### What you have to do
Write the listing out again word for word, leaving each picture behind.
============================================================
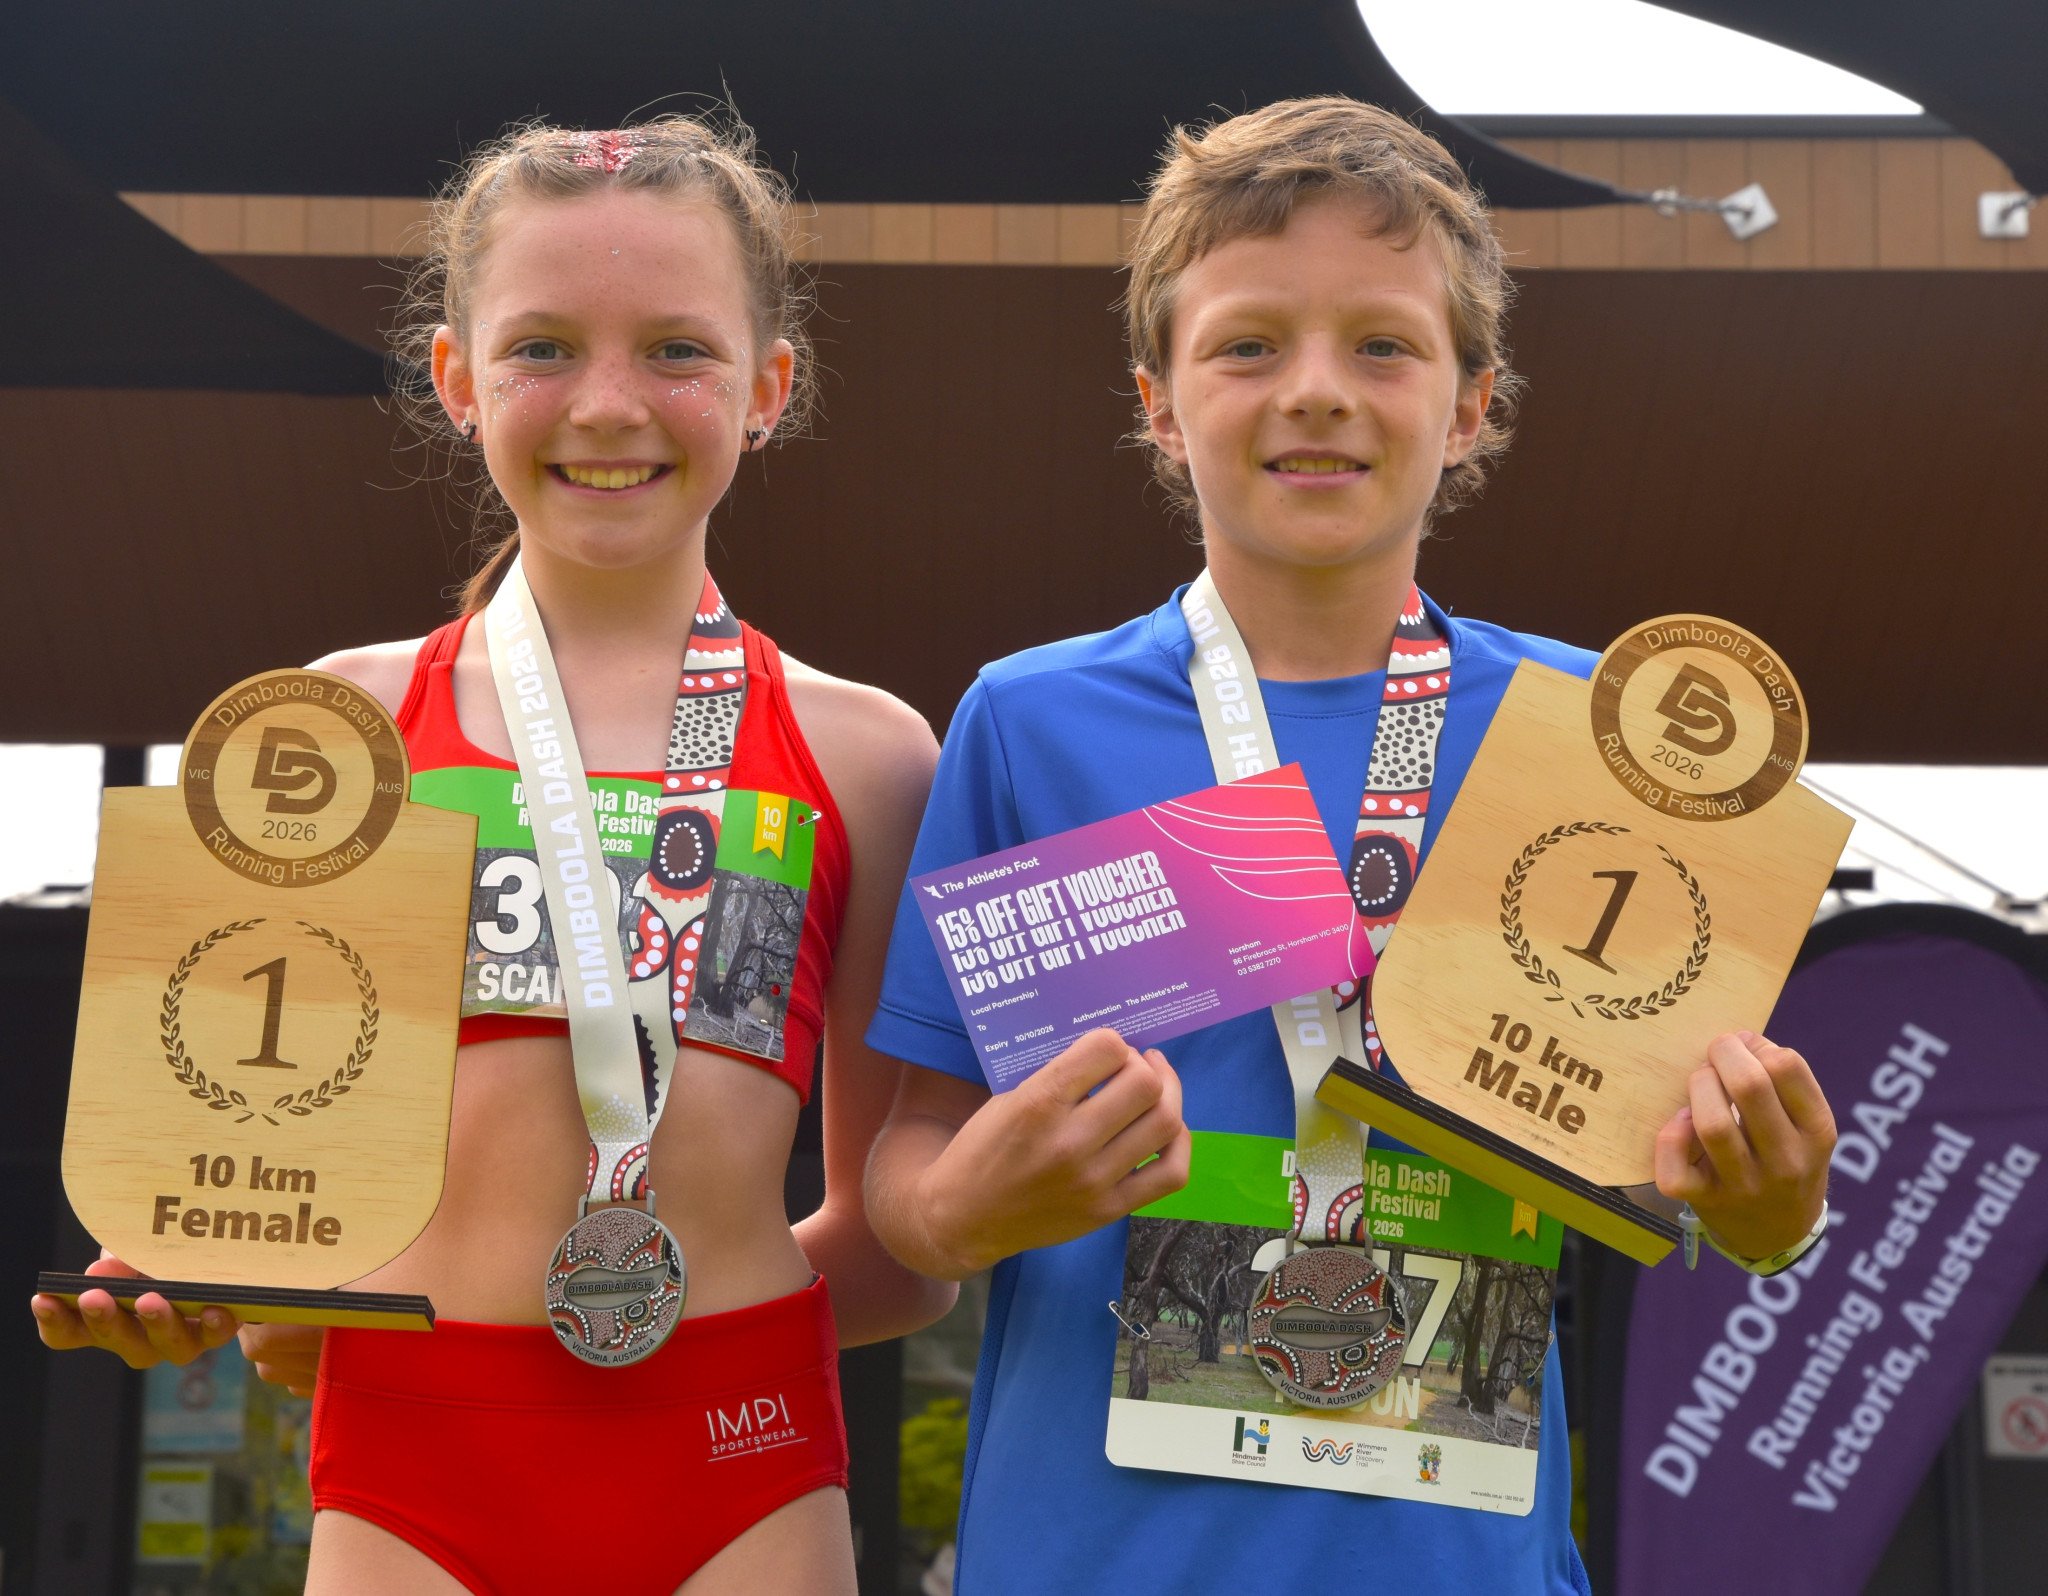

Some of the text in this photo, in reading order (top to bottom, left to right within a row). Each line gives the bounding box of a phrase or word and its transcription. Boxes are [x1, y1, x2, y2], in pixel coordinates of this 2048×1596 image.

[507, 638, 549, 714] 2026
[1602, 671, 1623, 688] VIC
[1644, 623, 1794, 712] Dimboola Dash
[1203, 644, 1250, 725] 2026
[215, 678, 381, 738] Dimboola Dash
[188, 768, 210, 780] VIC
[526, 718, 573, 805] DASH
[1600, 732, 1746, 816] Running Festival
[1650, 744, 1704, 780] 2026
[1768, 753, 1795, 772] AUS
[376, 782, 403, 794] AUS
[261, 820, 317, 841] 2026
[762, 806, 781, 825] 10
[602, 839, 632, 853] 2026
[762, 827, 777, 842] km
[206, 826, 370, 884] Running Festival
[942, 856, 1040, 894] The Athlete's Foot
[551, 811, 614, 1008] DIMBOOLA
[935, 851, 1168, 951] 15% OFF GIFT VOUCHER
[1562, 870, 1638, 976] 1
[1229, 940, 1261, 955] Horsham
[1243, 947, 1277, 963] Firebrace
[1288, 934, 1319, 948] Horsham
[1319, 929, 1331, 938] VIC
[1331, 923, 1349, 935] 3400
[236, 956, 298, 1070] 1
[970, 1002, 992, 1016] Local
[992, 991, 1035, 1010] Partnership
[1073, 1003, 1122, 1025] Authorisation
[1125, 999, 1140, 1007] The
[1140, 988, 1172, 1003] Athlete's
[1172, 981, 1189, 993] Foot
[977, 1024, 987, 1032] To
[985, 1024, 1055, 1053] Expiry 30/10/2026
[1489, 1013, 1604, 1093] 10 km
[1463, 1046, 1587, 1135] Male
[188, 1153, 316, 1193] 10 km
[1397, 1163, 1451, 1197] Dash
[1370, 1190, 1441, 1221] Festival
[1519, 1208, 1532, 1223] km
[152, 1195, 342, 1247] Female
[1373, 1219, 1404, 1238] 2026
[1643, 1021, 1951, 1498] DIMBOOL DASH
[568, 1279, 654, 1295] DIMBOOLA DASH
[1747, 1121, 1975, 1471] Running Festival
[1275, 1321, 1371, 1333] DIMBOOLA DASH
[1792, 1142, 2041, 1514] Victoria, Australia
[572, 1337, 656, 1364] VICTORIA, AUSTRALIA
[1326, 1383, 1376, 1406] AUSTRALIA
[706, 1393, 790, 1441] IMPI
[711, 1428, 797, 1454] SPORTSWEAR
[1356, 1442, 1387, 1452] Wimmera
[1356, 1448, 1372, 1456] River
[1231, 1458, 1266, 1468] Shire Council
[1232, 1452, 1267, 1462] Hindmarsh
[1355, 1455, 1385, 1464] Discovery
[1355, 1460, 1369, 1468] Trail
============================================================
### Response to the exercise
Some of the text in this photo, in reading order (top to bottom, left to right within a row). Each line gives the bounding box of a phrase or word and its transcription. Boxes are [x1, y1, x2, y2], in pixel coordinates of this 2048×1596 image.

[507, 638, 549, 714] 2026
[1602, 671, 1623, 688] VIC
[1644, 623, 1794, 712] Dimboola Dash
[1203, 644, 1250, 725] 2026
[215, 678, 381, 738] Dimboola Dash
[188, 768, 210, 780] VIC
[526, 718, 573, 805] DASH
[1600, 732, 1746, 816] Running Festival
[1650, 744, 1704, 780] 2026
[1768, 753, 1795, 772] AUS
[376, 782, 403, 794] AUS
[261, 820, 317, 841] 2026
[762, 806, 781, 825] 10
[602, 839, 632, 853] 2026
[762, 827, 777, 842] km
[206, 826, 370, 884] Running Festival
[942, 856, 1040, 894] The Athlete's Foot
[551, 811, 614, 1008] DIMBOOLA
[935, 851, 1168, 951] 15% OFF GIFT VOUCHER
[1562, 870, 1638, 976] 1
[1229, 940, 1261, 955] Horsham
[1243, 947, 1277, 963] Firebrace
[1288, 934, 1319, 948] Horsham
[1319, 929, 1331, 938] VIC
[1331, 923, 1349, 935] 3400
[236, 956, 298, 1070] 1
[970, 1002, 992, 1016] Local
[992, 991, 1035, 1010] Partnership
[1073, 1003, 1122, 1025] Authorisation
[1125, 999, 1140, 1007] The
[1140, 988, 1172, 1003] Athlete's
[1172, 981, 1189, 993] Foot
[977, 1024, 987, 1032] To
[985, 1024, 1055, 1053] Expiry 30/10/2026
[1489, 1013, 1604, 1093] 10 km
[1463, 1046, 1587, 1135] Male
[188, 1153, 316, 1193] 10 km
[1397, 1163, 1451, 1197] Dash
[1370, 1190, 1441, 1221] Festival
[1519, 1208, 1532, 1223] km
[152, 1195, 342, 1247] Female
[1373, 1219, 1404, 1238] 2026
[1643, 1021, 1951, 1498] DIMBOOL DASH
[568, 1279, 654, 1295] DIMBOOLA DASH
[1747, 1121, 1975, 1471] Running Festival
[1275, 1321, 1371, 1333] DIMBOOLA DASH
[1792, 1142, 2041, 1514] Victoria, Australia
[572, 1337, 656, 1364] VICTORIA, AUSTRALIA
[1326, 1383, 1376, 1406] AUSTRALIA
[706, 1393, 790, 1441] IMPI
[711, 1428, 797, 1454] SPORTSWEAR
[1356, 1442, 1387, 1452] Wimmera
[1356, 1448, 1372, 1456] River
[1231, 1458, 1266, 1468] Shire Council
[1232, 1452, 1267, 1462] Hindmarsh
[1355, 1455, 1385, 1464] Discovery
[1355, 1460, 1369, 1468] Trail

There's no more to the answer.